[arin-ppml] Integrating Draft Policy ARIN-2011-1 into NRPM 8.3

John Curran jcurran at arin.net
Fri May 27 12:52:18 EDT 2011


On May 27, 2011, at 12:06 PM, Mike Burns wrote:
 This is similar to when I pointed out that section 12 of the NRPM would not give ARIN the right to revoke addresses for utilization as it is written now, and John proffered RFC2050 as providing that justification, which is lacking in the current NRPM language.

That is like using the Declaration of Independence to make a legal finding absent from the Constitution. Sure it can give guidance, but the actual rules are better clearly established in the NRPM, if that is an option.

Mike -

    My full response on the topic of NRPM 12 is attached, and I disagree with
    your summary above to the effect that the present language in the NRPM
    is insufficient to support reclamation to bring into compliance.

    Organizations which no longer meet the criteria by which they were
    assigned resources (including utilization criteria contained in ARIN
    policy) are indeed out of compliance with ARIN policy and could
    technically be required to returned their number resources.   As I noted,
    before, I am unaware of ARIN performing reclamation against  any
    organization acting in good faith under such circumstances, but it
    would technically be a valid course of action.

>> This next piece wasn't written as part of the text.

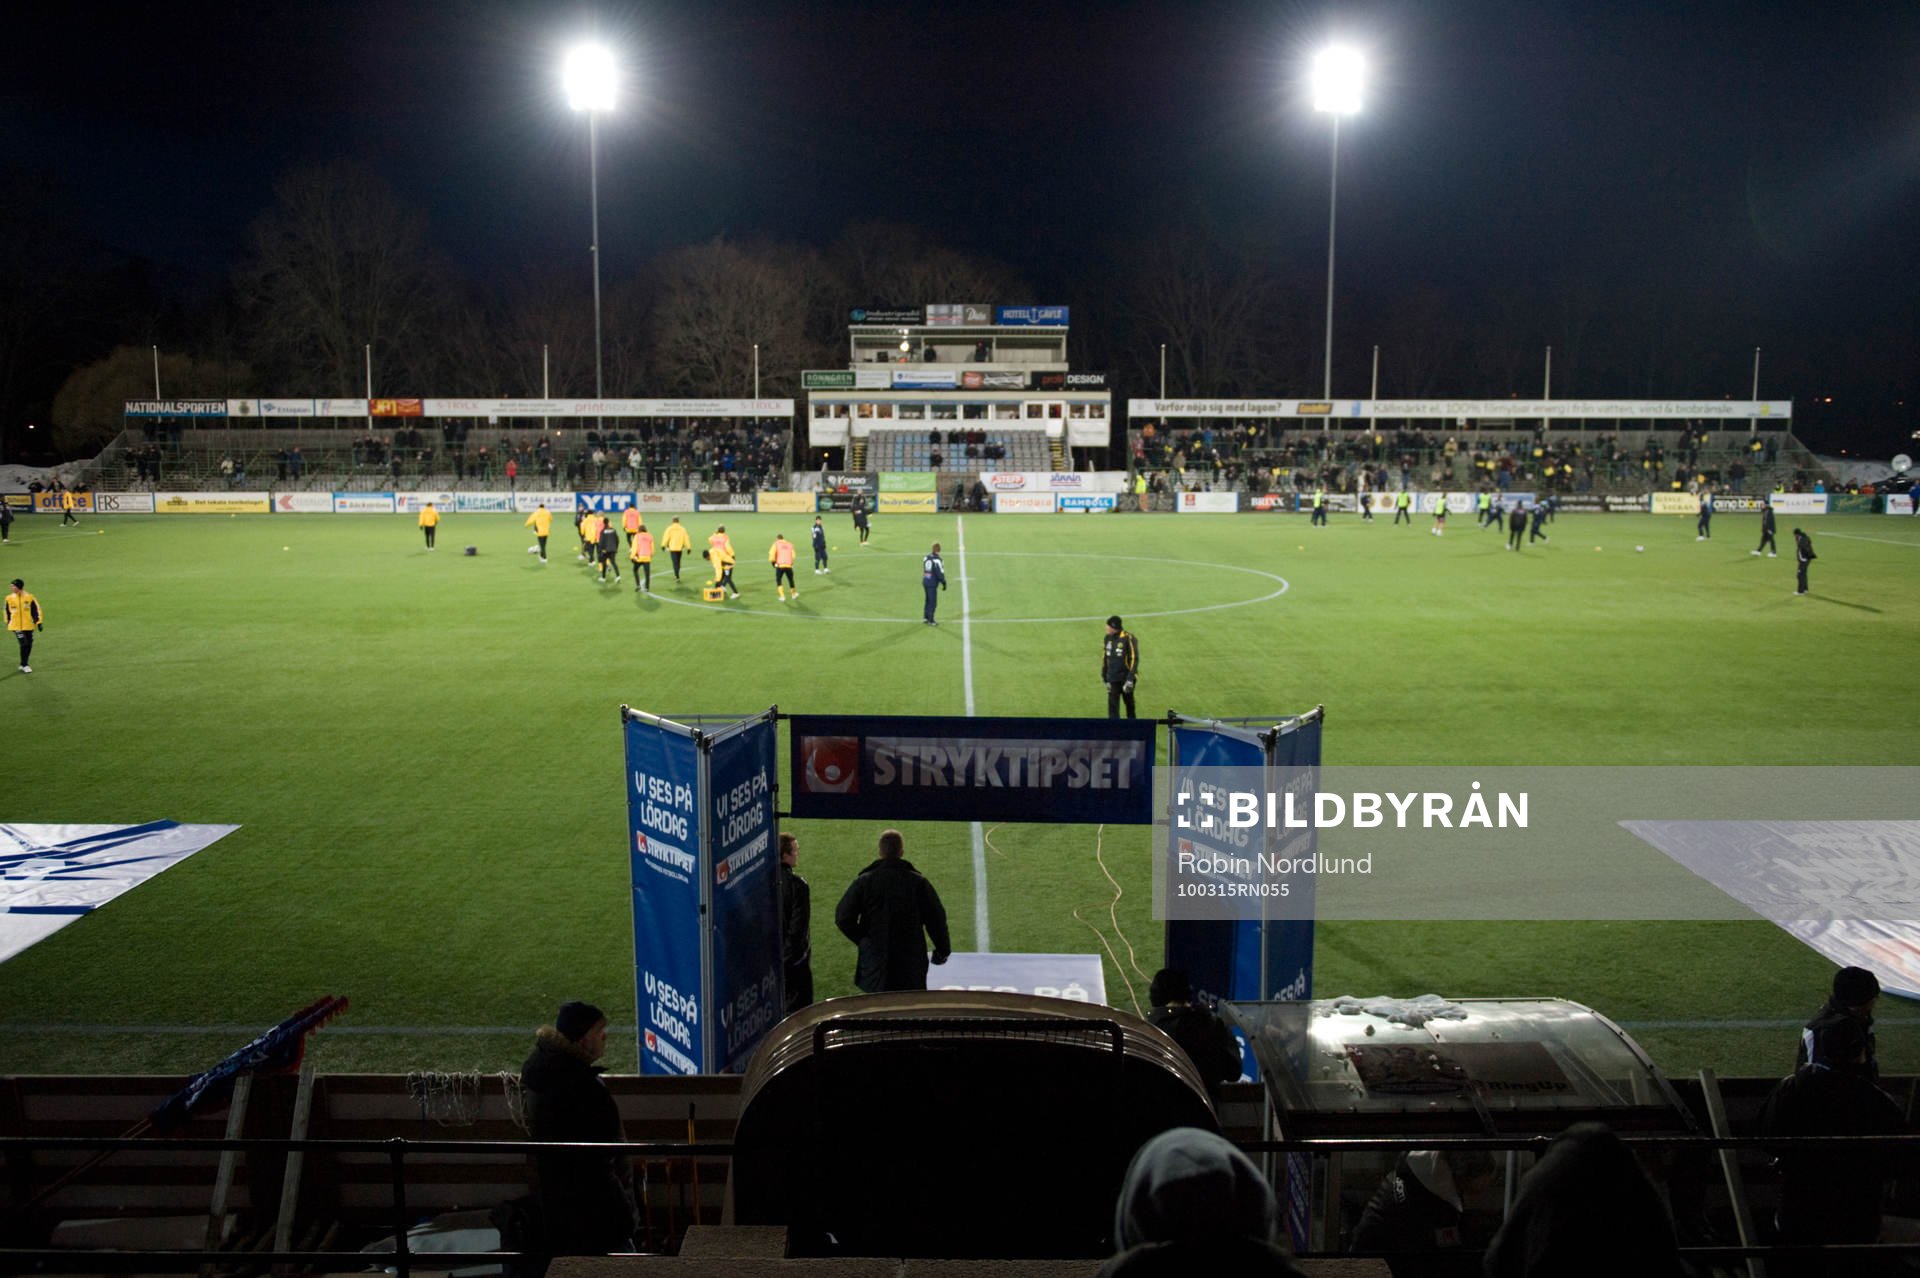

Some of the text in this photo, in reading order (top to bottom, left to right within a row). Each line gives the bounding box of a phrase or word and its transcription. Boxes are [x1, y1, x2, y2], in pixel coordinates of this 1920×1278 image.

    In light of the specified transfer policy, it might be helpful for the
    community to clarify the use of NRPM 12 with respect to utilization,
    but ARIN staff will our best to implement the policies as adopted.

Thanks!
/John

John Curran
President and CEO
ARIN


Begin forwarded message:

From: John Curran <jcurran at arin.net<mailto:jcurran at arin.net>>
Date: May 10, 2011 2:22:16 PM EDT
To: Mike Burns <mike at nationwideinc.com<mailto:mike at nationwideinc.com>>
Cc: "arin-ppml at arin.net<mailto:arin-ppml at arin.net>" <arin-ppml at arin.net<mailto:arin-ppml at arin.net>>
Subject: Re: [arin-ppml] Draft Proposal for Needs-Free IPv4 Transfers

On May 10, 2011, at 11:01 AM, Mike Burns wrote:

Can you elaborate some?

If I were allocated a /18 in 2002 order to host websites, and I have sold or lost the customers but retain the corporation, could my resources be reviewed and revoked per NRPM section 12 without recourse to the RSA section 8?

Yes, see below.

My reading of it says no, section 12 does not give ARIN the right to request a return for under-utilization only.
I think this is the salient section, 12.4:
"Organizations found by ARIN to be materially out of compliance with current ARIN policy shall be requested or required to return resources as needed to bring them into (or reasonably close to) compliance."
In my example, what current ARIN policy would I be materially out of compliance with?
ARIN policy talks quite a bit about utilization, but always in the context of a new allocation, not the utilization of a prior allocation outside that context.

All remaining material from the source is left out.